That is what gives 200-gigabit modules an opportunity. Instead of 4x50 gigabaud and PAM-4 for 400 gigabits, a 200-gigabit module can use existing 25-gigabit optics and PAM-4. “You get the benefit of 25-gigabit components and a bit of a cost overhead for PAM-4,” says Stanley. “How big that opportunity is depends on how quickly people execute on 400-gigabit modules.”

The first 200-gigabit modules using the QSFP56 form factor are starting to sample now, he says.  

 

100-Gigabit

A key industry challenge at 100 gigabit is meeting demand and this is likely to tax the module suppliers for the rest of this year and next. Manufacturing volumes are increasing, in part because the optical module leaders are installing more capacity and because of the entrance of many, smaller vendors into the marketplace.

End users buying a switch only populate part of the ports due to the up-front costs. More modules are then added as traffic grows. Now, internet content providers turn on entire data centres filled with equipment that is fully populated with modules. “The hyper-scale guys have completely changed the model,” says Stanley.

The 100-gigabit module market has been coming for several years and has finally reached relatively high volumes. Stanley attributes this not just to the volumes needed by the large-scale data centre operators but also the fact that 100-gigabit modules have reached the right price point. Another indicator of the competitive price of 100-gigabit is the speed at which 40-gigabit technology is starting to be phased out.

Developments such as silicon photonics and smart assembly techniques are helping to reduce the cost of 100-gigabit modules, says Stanley, and this will be helped further with the advent of the new SFP-DD MSA.

 

SFP-DD

The double-density SFP (SFP-DD) MSA was announced in July. It is the next step after the SFP28, similar to the QSFP-DD being an advance on the QSFP28. And just as the 100-gigabit QSFP28 can be used in breakout mode to interface to four 25-gigabit SFP28s, the 400-gigabit QSFP-DD promises to perform a similar breakout role interfacing to SFP-DD modules.  
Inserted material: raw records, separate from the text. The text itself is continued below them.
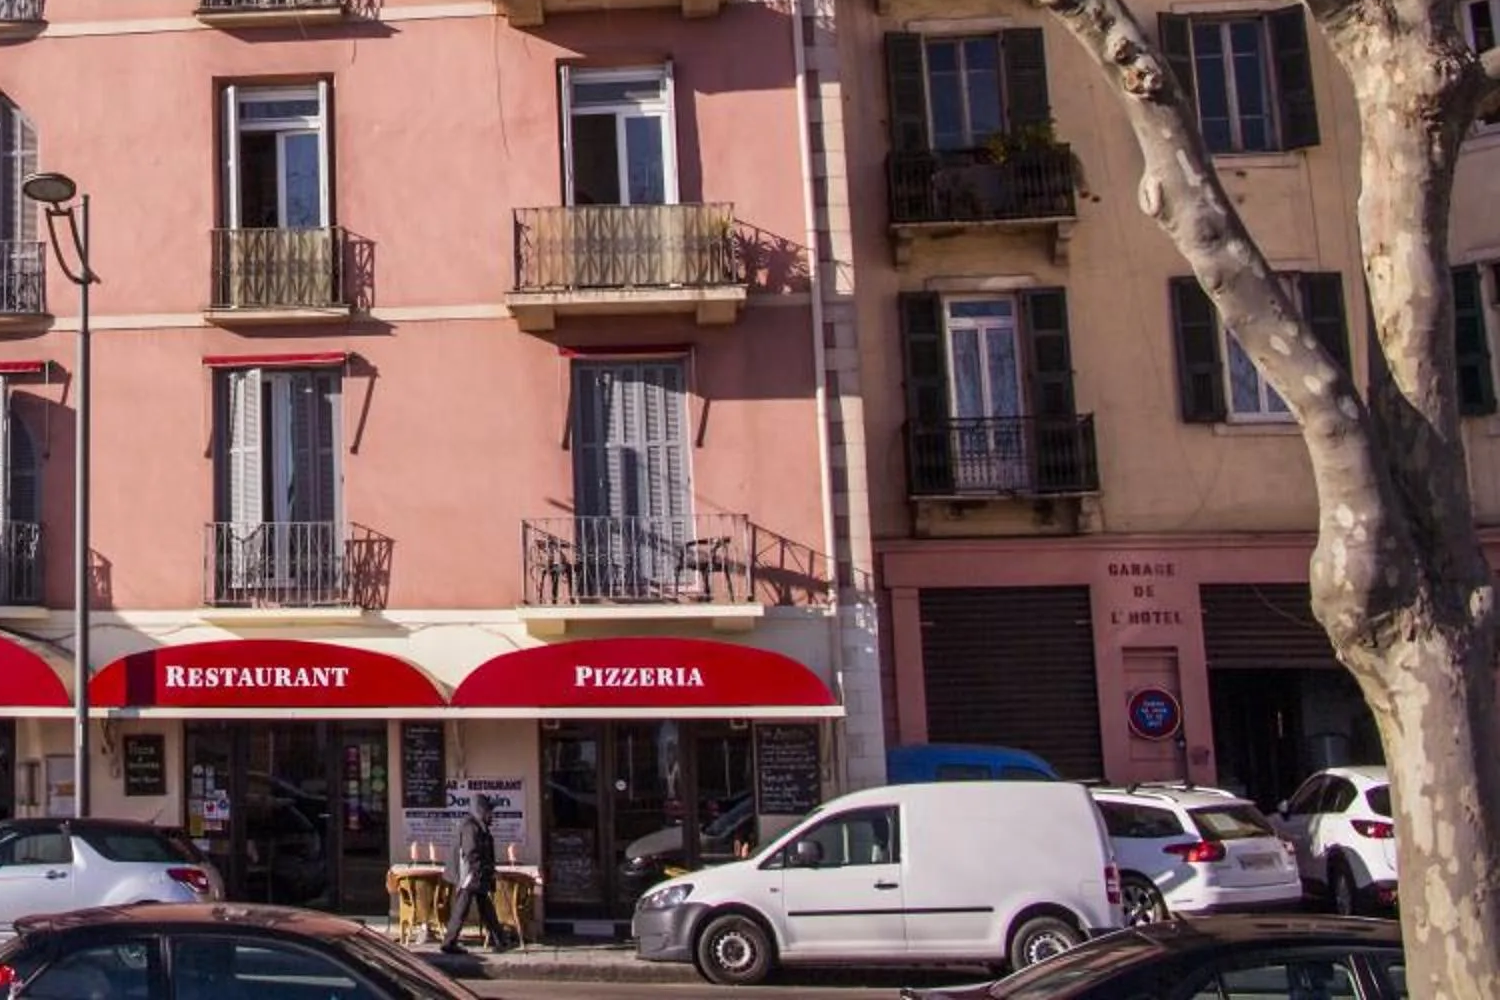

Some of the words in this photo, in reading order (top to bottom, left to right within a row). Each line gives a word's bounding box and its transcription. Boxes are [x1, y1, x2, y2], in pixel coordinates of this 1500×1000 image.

[1108, 562, 1175, 577] GARAGE
[1134, 585, 1154, 598] DE
[165, 665, 349, 687] RESTAURANT
[574, 665, 705, 687] PIZZERIA
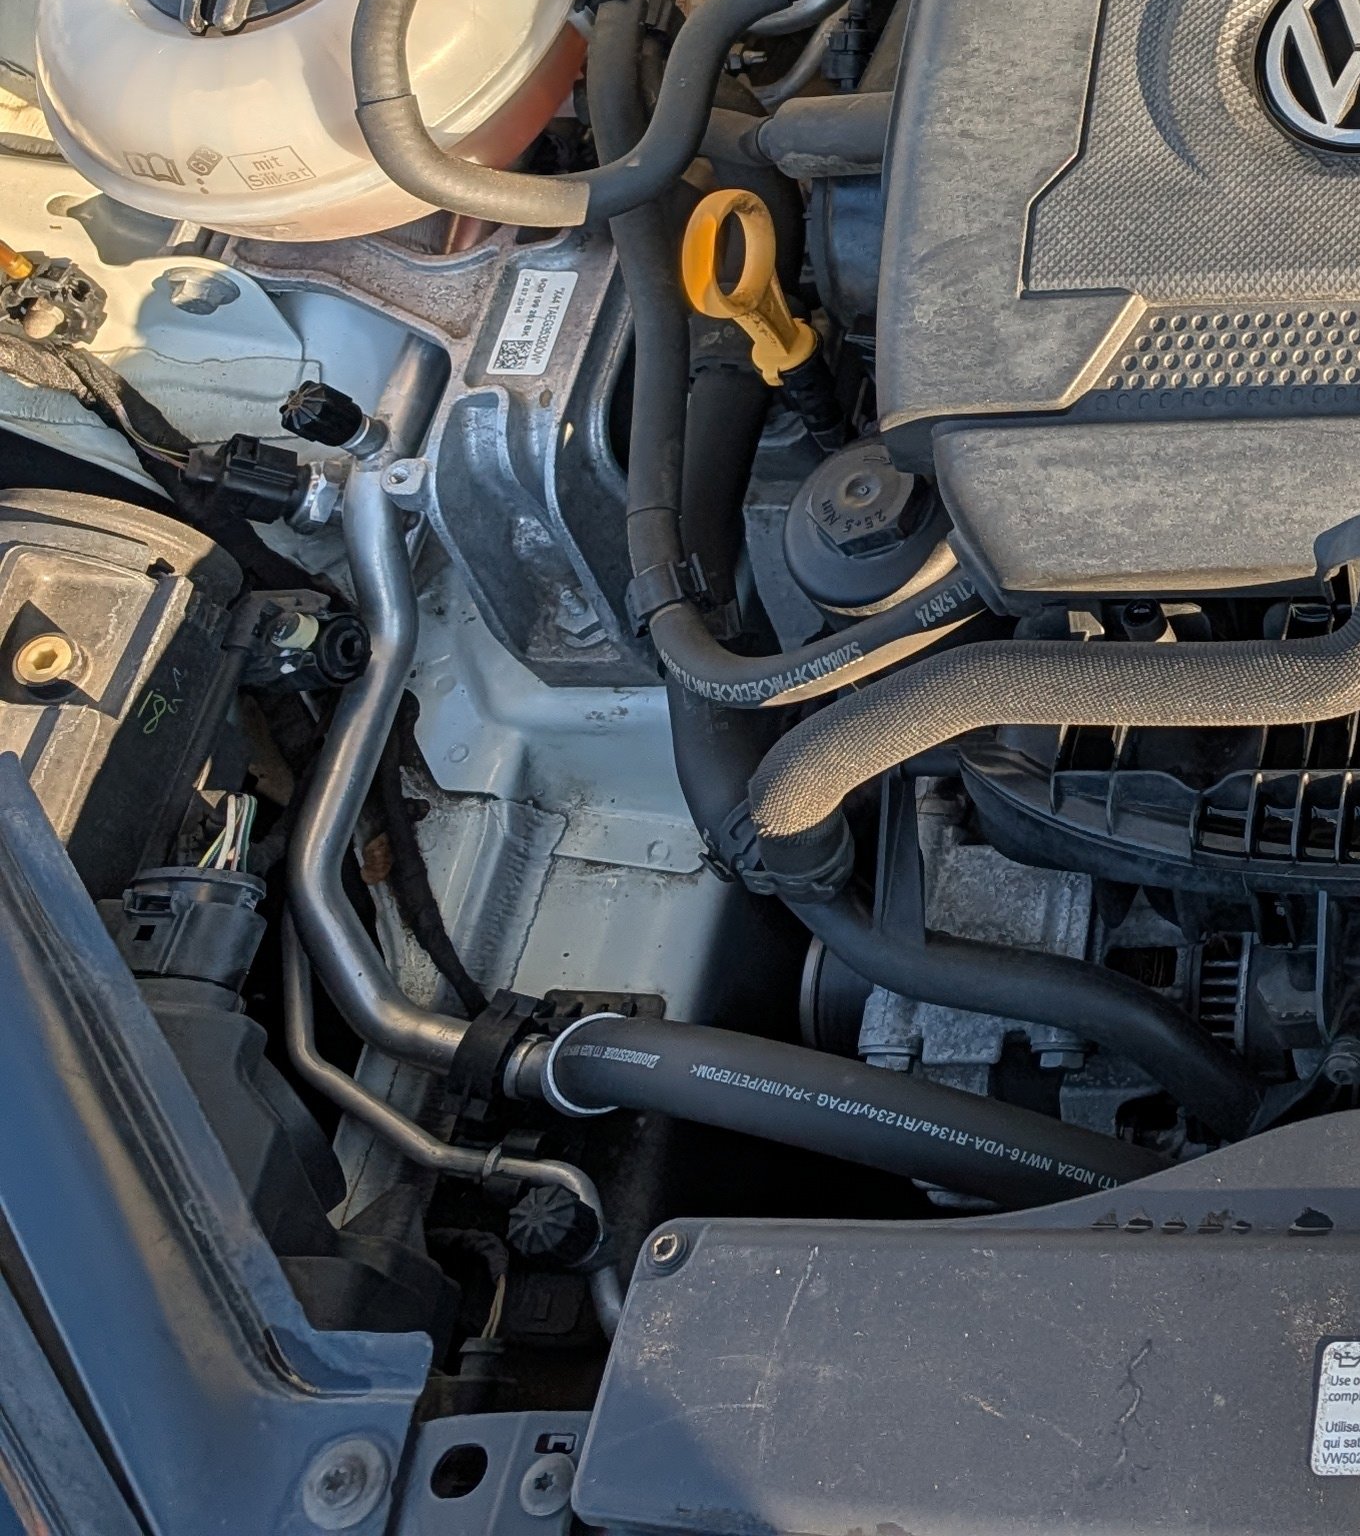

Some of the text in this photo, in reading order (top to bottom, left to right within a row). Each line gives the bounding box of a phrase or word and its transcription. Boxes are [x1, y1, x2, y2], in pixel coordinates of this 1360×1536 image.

Stanley sees the SFP-DD as a significant development. “Another way to reduce cost apart from silicon photonics and smart assembly is to cut down the number of lasers,” he says. The number of lasers used for 100 gigabits can be halved from four using 28 gigabaud signalling and PAM-4). Existing examples of two-wavelength/ PAM-4 styled 100-gigabit designs are Inphi’s ColorZ module and Luxtera’s CWDM2. 
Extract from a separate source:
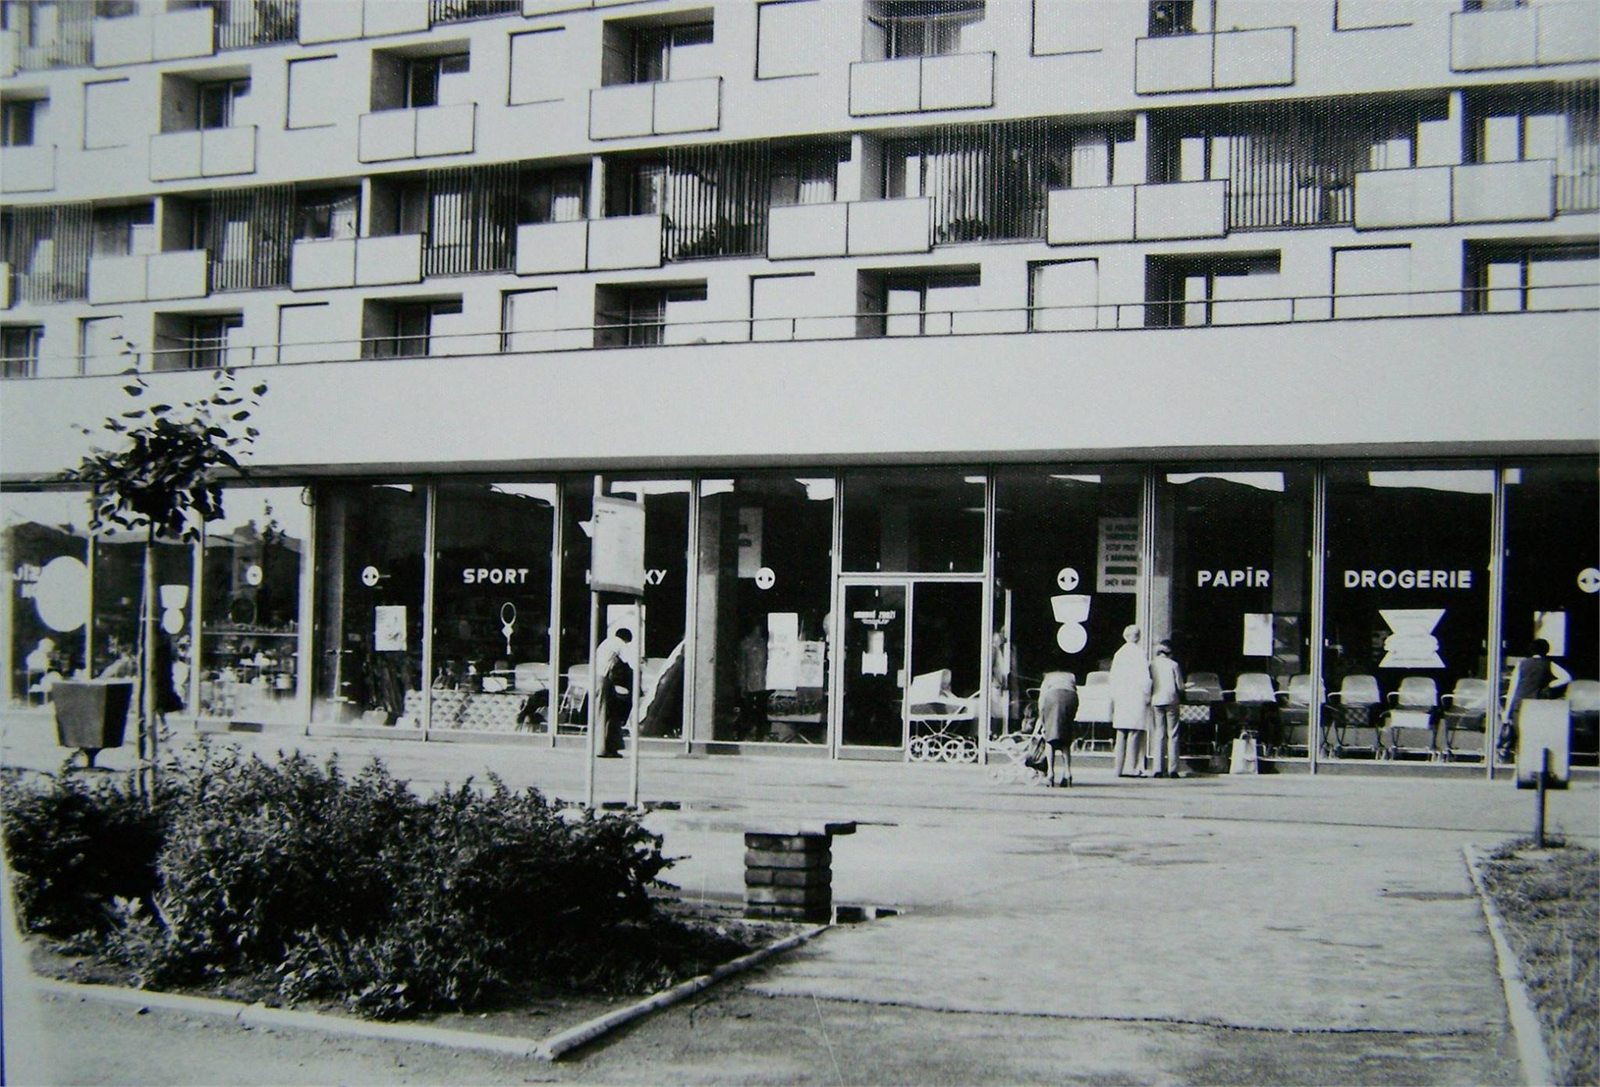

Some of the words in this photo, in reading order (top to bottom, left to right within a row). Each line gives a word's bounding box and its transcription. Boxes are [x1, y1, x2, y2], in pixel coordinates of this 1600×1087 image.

[463, 568, 529, 584] SPORT
[1197, 566, 1270, 588] PAPÍR
[1344, 569, 1472, 589] DROGERIE
The industry’s embrace of PAM-4 is another notable development of the last year. The debate about the merits of using 56-gigabit symbol rate and non-return-to-zero signalling versus PAM-4 with its need for forward-error correction and extra latency has largely disappeared, he says.    

 

The first 400-gigabit QSFP-DD and OSFP client-side modules are expected in a year’s time with volumes starting at the end of 2018 and into 2019

 

Coming of age

Stanley describes the coherent technology used for line-side transmissions as coming of age. Systems vendors have put much store in owning the technology to enable differentiation but that is now changing. To the well-known merchant coherent digital signal processing (DSP) players, NTT Electronics (NEL) and Inphi, can now be added Ciena which has made its WaveLogic Ai coherent DSP available to three optical module partners, Lumentum, NeoPhotonics and Oclaro.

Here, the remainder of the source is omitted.